● ENTRIES SUPPLIED
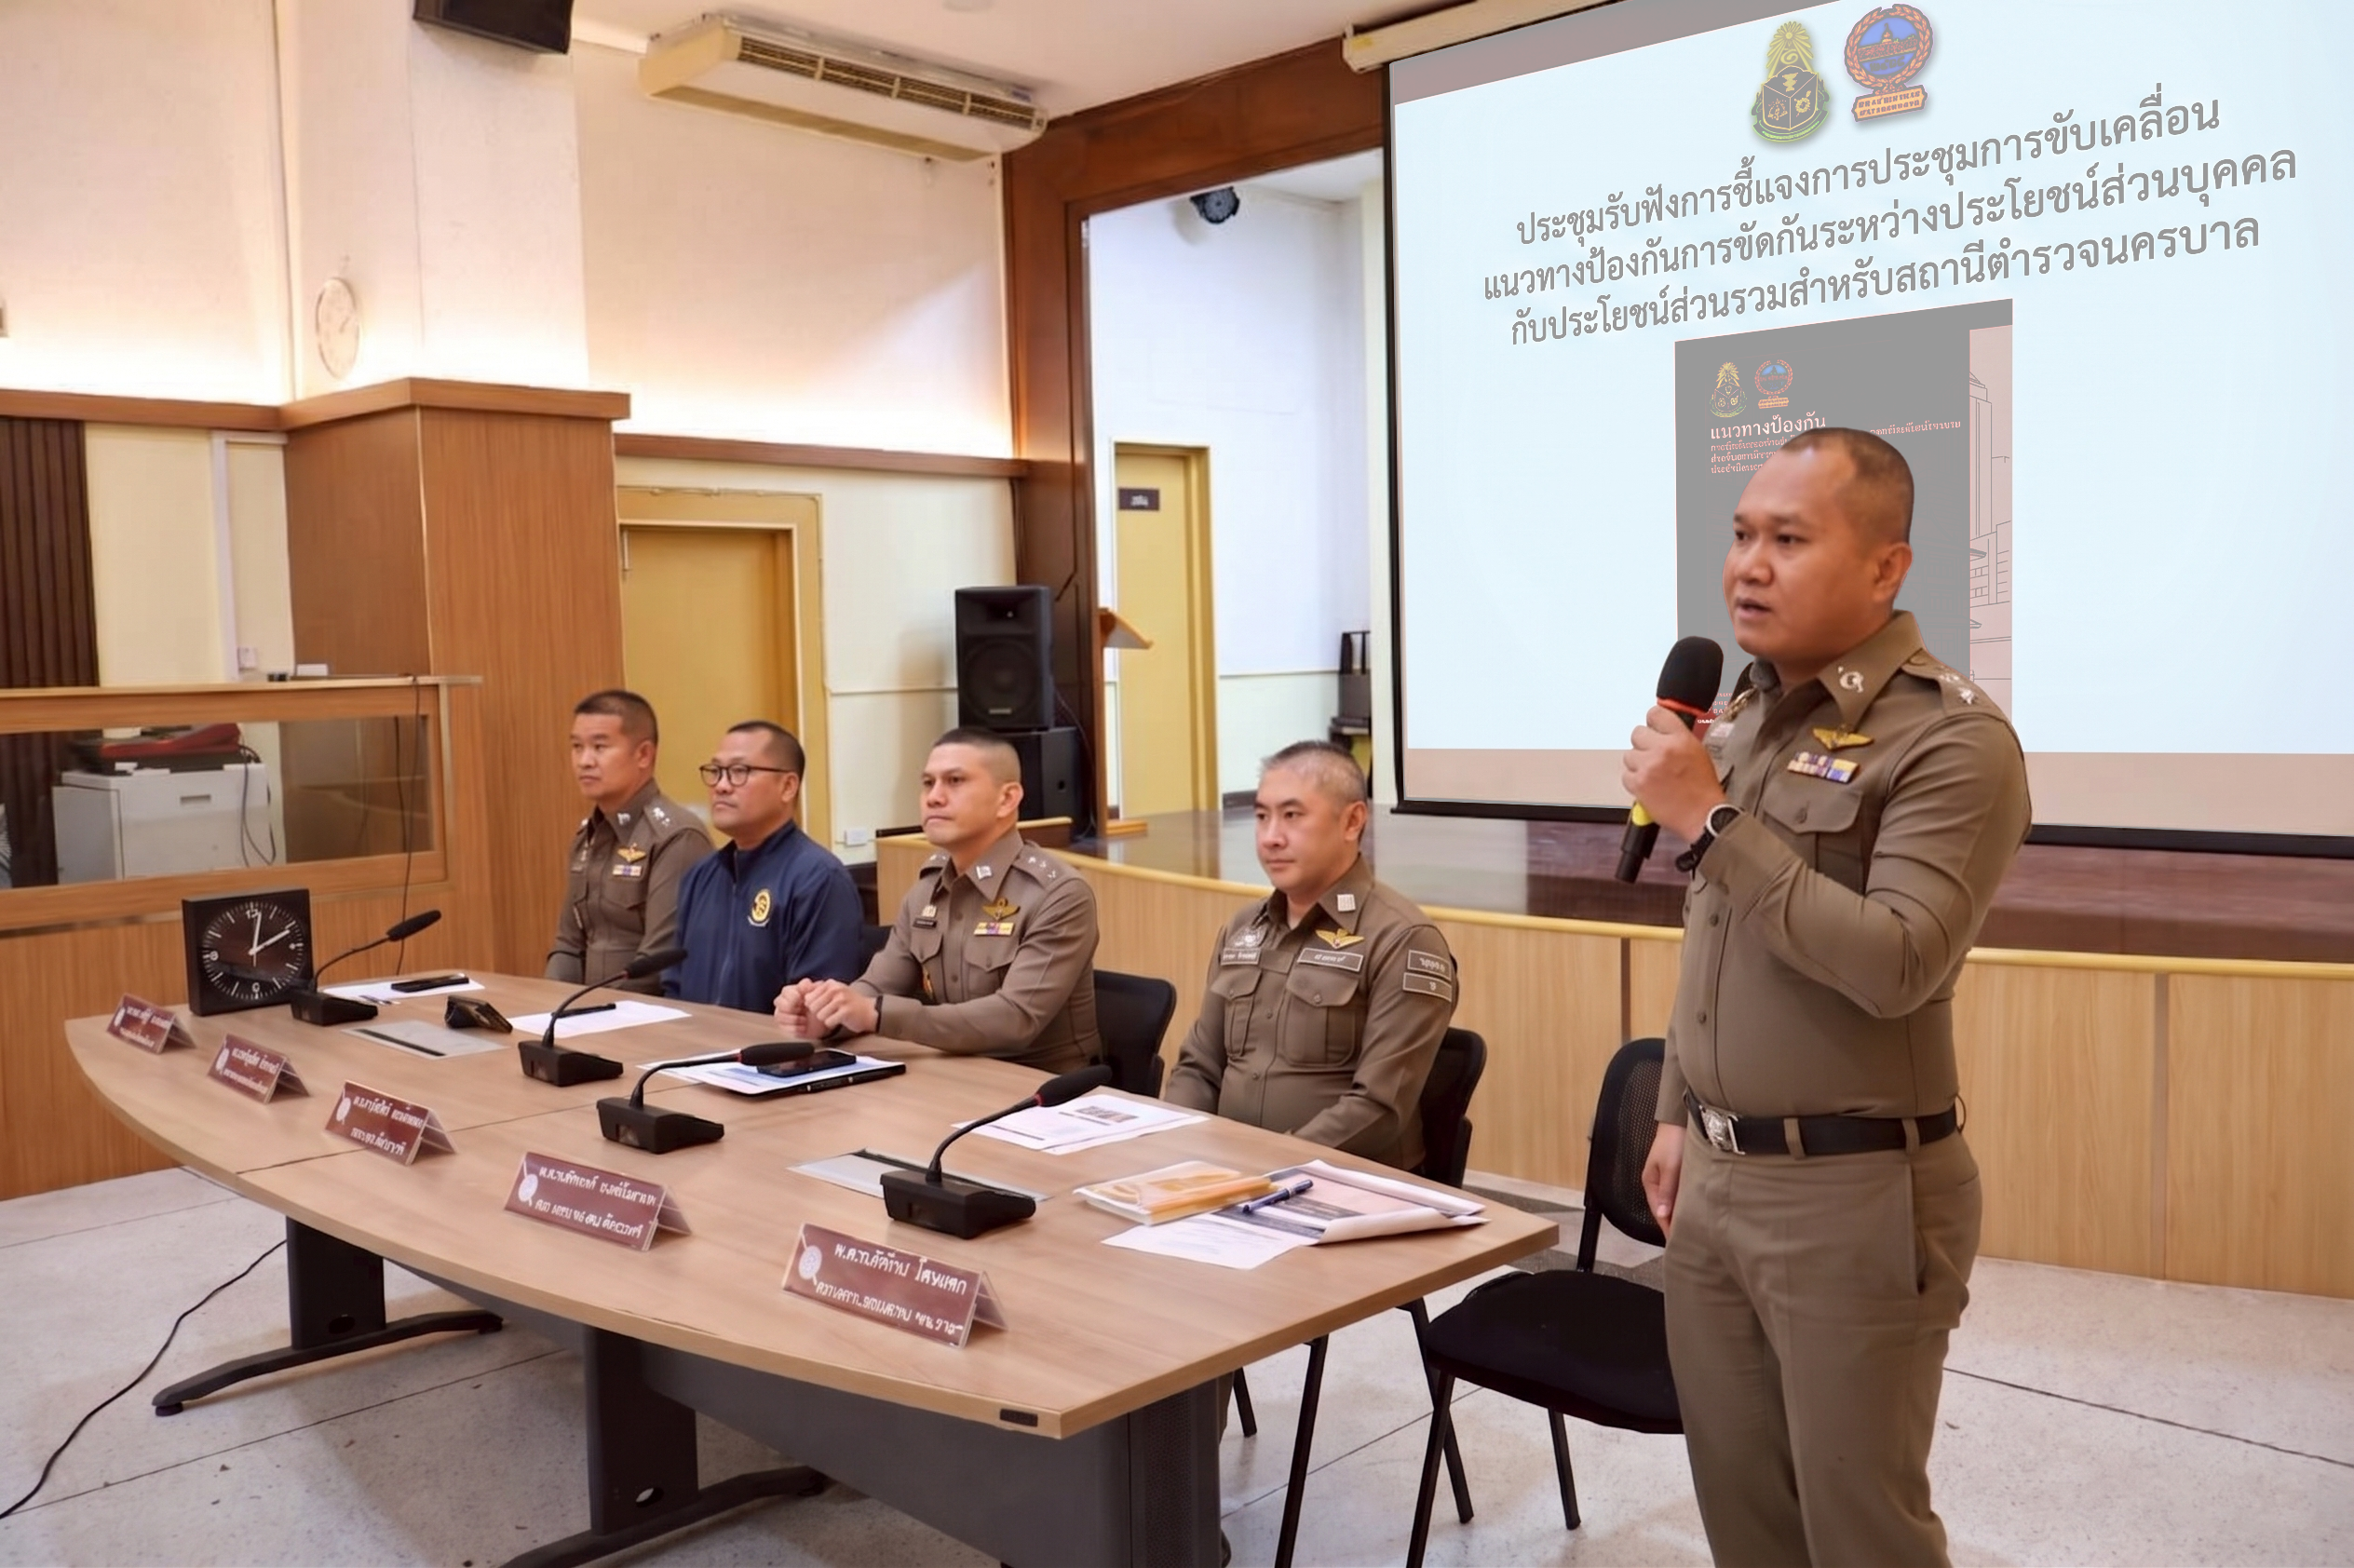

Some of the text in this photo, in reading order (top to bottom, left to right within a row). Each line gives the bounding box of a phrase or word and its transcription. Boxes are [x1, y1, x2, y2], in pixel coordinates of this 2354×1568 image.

[1483, 148, 2298, 301] แนวทางป้องกันการขัดกันระหว่างประโยชน์ส่วนบุคคล
[1516, 82, 2221, 248] ประชุมรับฟังการชี้แจงการประชุมการขับเคลื่อน
[1510, 216, 2261, 345] กับประโยชน์ส่วนรวมสำหรับสถานีตำรวจนครบาล
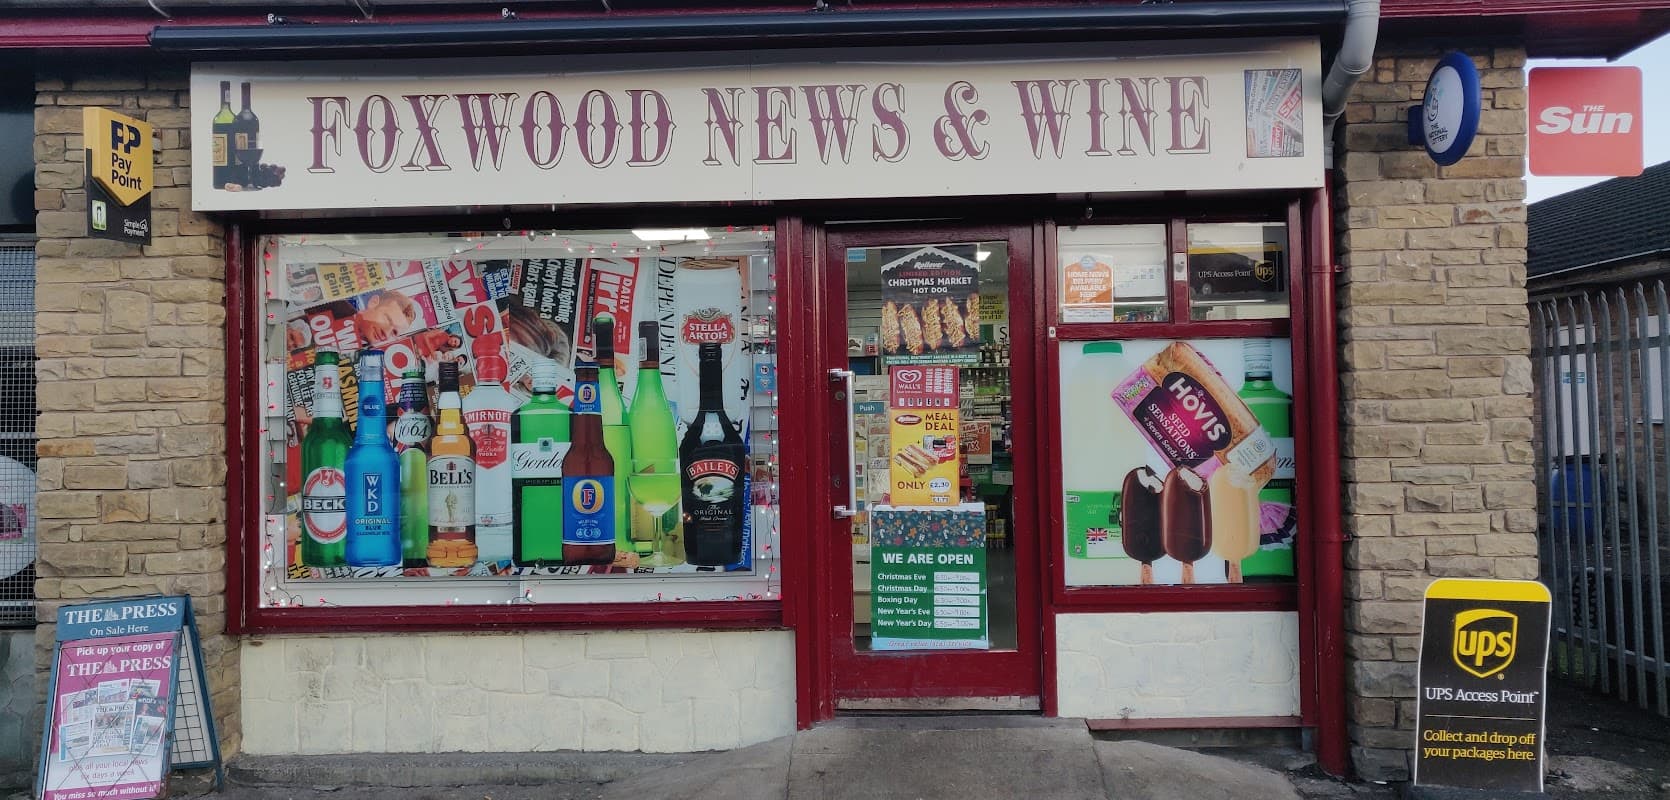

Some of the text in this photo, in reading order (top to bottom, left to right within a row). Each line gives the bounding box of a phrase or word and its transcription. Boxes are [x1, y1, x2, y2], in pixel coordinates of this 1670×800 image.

● EXERCISE INSTRUCTIONS
Write out each record exactly as shown, but not its pictures.

● ANSWER BOX
Some of the text in this photo, in reading order (top to bottom, left to right within a row). Each line gives the bounding box of a phrase or word and its transcription. Boxes are [x1, y1, x2, y2], in pixel coordinates of this 2354×1568 image.

[1483, 148, 2298, 301] แนวทางป้องกันการขัดกันระหว่างประโยชน์ส่วนบุคคล
[1516, 82, 2221, 248] ประชุมรับฟังการชี้แจงการประชุมการขับเคลื่อน
[1510, 216, 2261, 345] กับประโยชน์ส่วนรวมสำหรับสถานีตำรวจนครบาล

Some of the text in this photo, in reading order (top to bottom, left to right within a row). Each line gives the bounding box of a phrase or word and its transcription. Boxes are [x1, y1, x2, y2], in pixel coordinates of this 1670×800 image.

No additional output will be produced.